**Exercise objective**
Every record below is to be retyped exactly, with the pictures left out.

++++

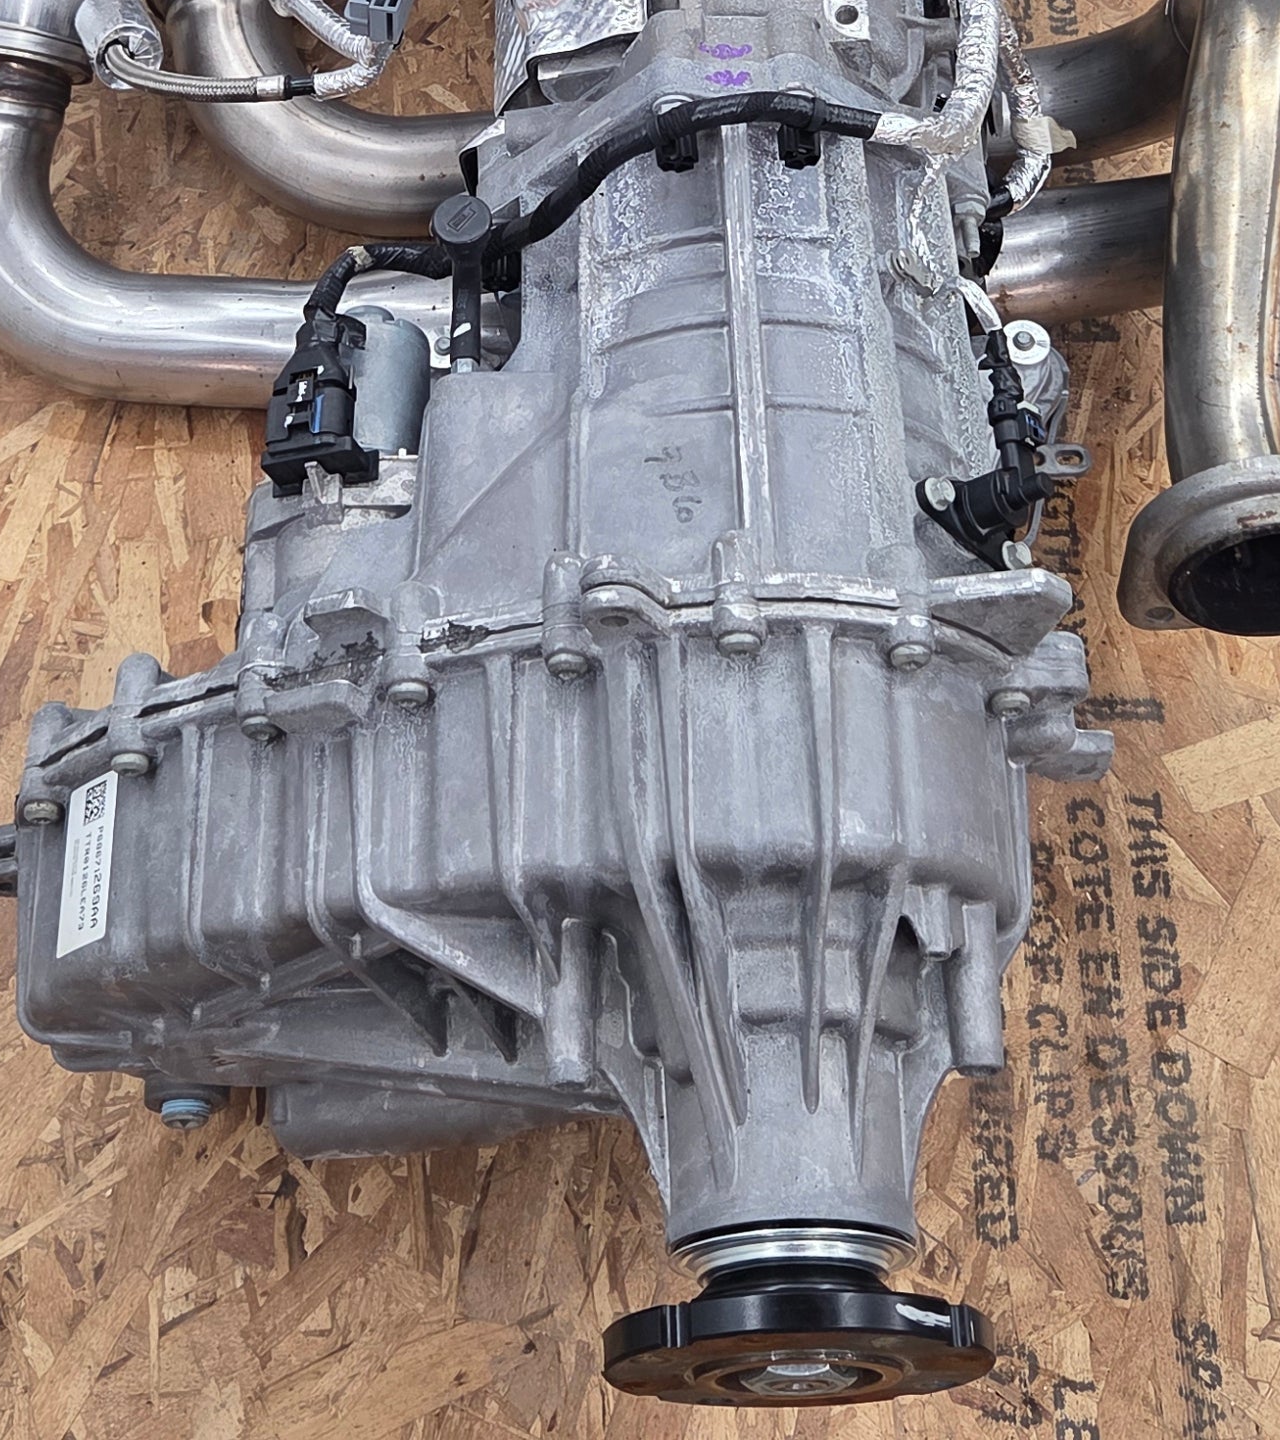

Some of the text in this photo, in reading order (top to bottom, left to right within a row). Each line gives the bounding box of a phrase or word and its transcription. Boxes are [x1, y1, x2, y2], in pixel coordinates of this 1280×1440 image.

[1124, 790, 1171, 899] THIS
[1066, 797, 1150, 1302] COTE EN DESSOUS
[1136, 914, 1187, 1032] SIDE
[1027, 1003, 1078, 1165] CLIPS
[1152, 1050, 1208, 1227] DOWN

++++

**Reply to the exercise**
Some of the text in this photo, in reading order (top to bottom, left to right within a row). Each line gives the bounding box of a phrase or word and its transcription. Boxes are [x1, y1, x2, y2], in pixel coordinates of this 1280×1440 image.

[1124, 790, 1171, 899] THIS
[1066, 797, 1150, 1302] COTE EN DESSOUS
[1136, 914, 1187, 1032] SIDE
[1027, 1003, 1078, 1165] CLIPS
[1152, 1050, 1208, 1227] DOWN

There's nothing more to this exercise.